Book The Pursuit of Signs

Download or read book The Pursuit of Signs written by Jonathan D. Culler and published by Cornell University Press. This book was released on 2002 with total page 276 pages. Available in PDF, EPUB and Kindle. Book excerpt: This widely acclaimed work remains an important and vital work of literary scholarship. Covering semiotics, reader response criticism, and the value of the apostrophe, this work provides a detailed analysis of literary criticism.

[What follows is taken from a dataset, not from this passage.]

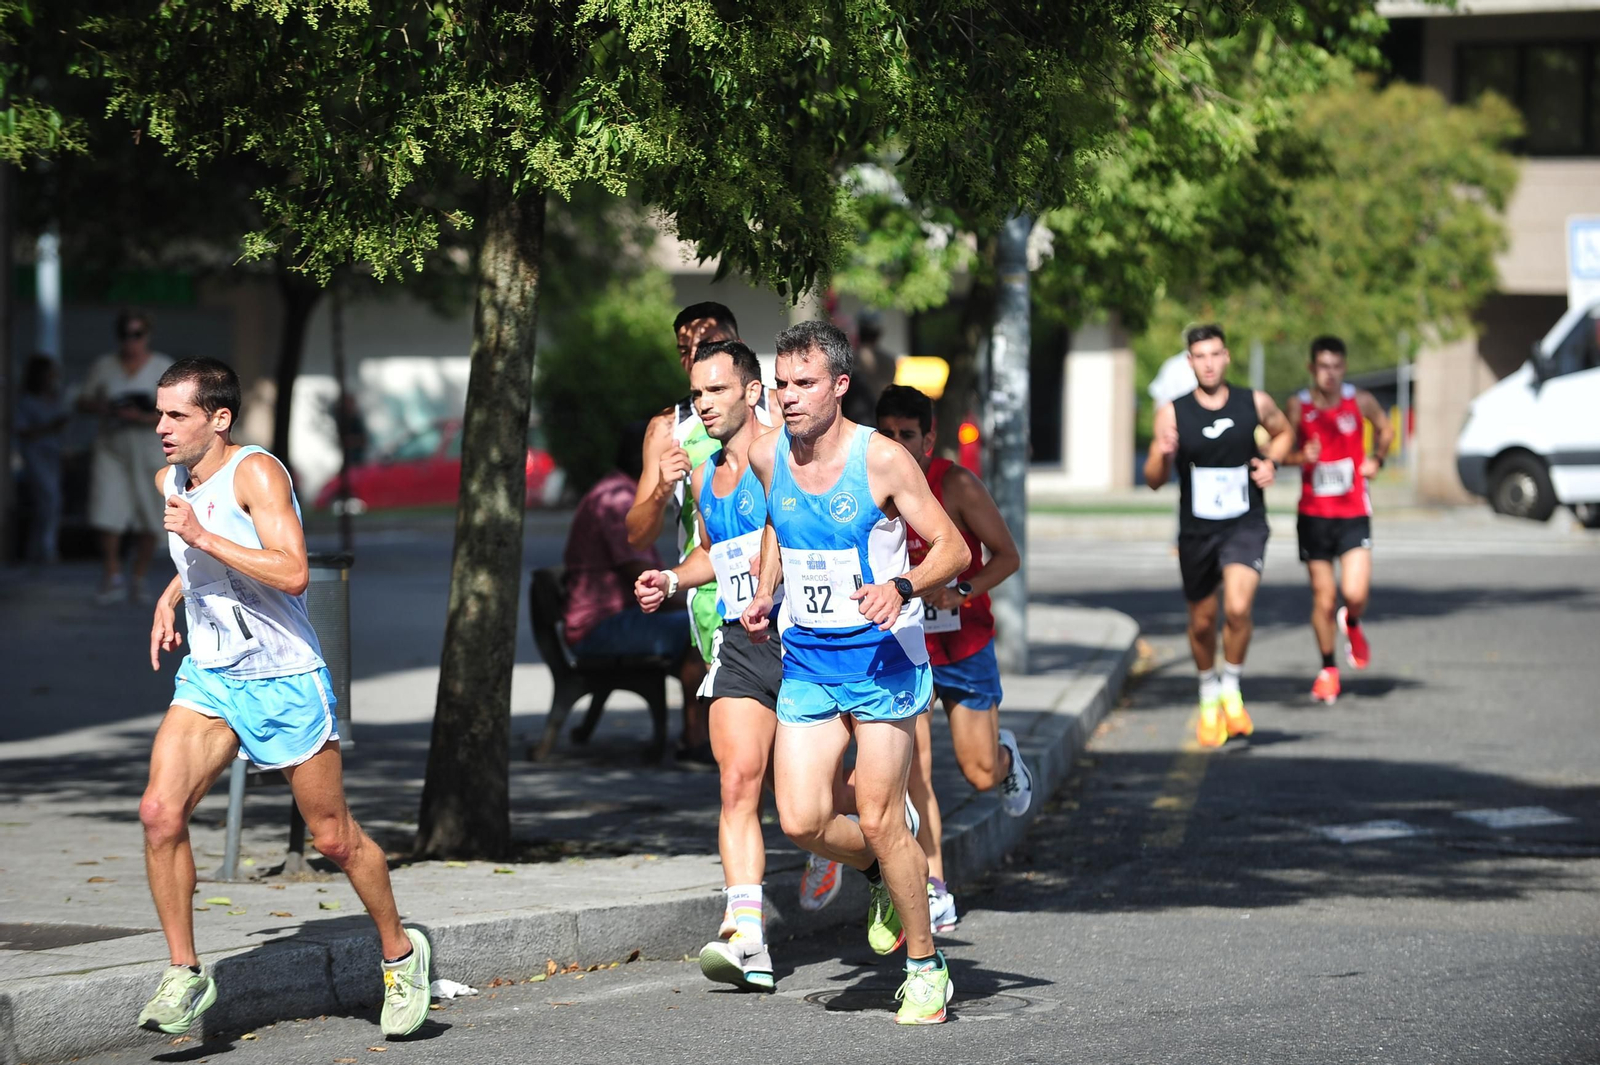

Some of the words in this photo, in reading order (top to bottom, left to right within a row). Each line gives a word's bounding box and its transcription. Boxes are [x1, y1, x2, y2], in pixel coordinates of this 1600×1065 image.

[730, 570, 755, 602] 27
[801, 574, 828, 582] MARCOS
[803, 585, 834, 614] 32

Book The Gothic Fiction of Adelaida Garc  a Morales

Download or read book The Gothic Fiction of Adelaida Garc a Morales written by Abigail Lee Six and published by Tamesis Books. This book was released on 2006 with total page 182 pages. Available in PDF, EPUB and Kindle. Book excerpt: By highlighting features common to the Gothic classics and the works of Adelaida García Morales, this monograph aims to put the Gothic on the map in Hispanic Studies. The Gothic as a literary mode extending well beyond its first proponents in eighteenth-century England is well established in English studies but has been strangely under-used by Hispanists. Now Abigail Lee Six uses it as the paradigm through which to analyse the novels of Adelaida García Morales; while not suggesting that every novel by this author is a classic Gothic text, she reveals certain constants in the work that can be related to the Gothic, evenin novels which one might not classify as such. Each of the novels studied is paired with an English-language Gothic text, such as Dracula, Frankenstein and Dr Jekyll and Mr Hyde, and then read in the lightof it. The focus of each chapter ranges from psychological aspects, such as fear of decay or otherness, or the pressures linked to managing secrets, to more concrete elements such as mountains and frightening buildings, and to keyfigures such as vampires, ghosts, or monsters. This approach sheds new light on how García Morales achieves probably the most distinguishing feature of her novels: their harrowing atmosphere. ABIGAIL LEE SIX is Professor of Hispanic Studies at Royal Holloway, University of London.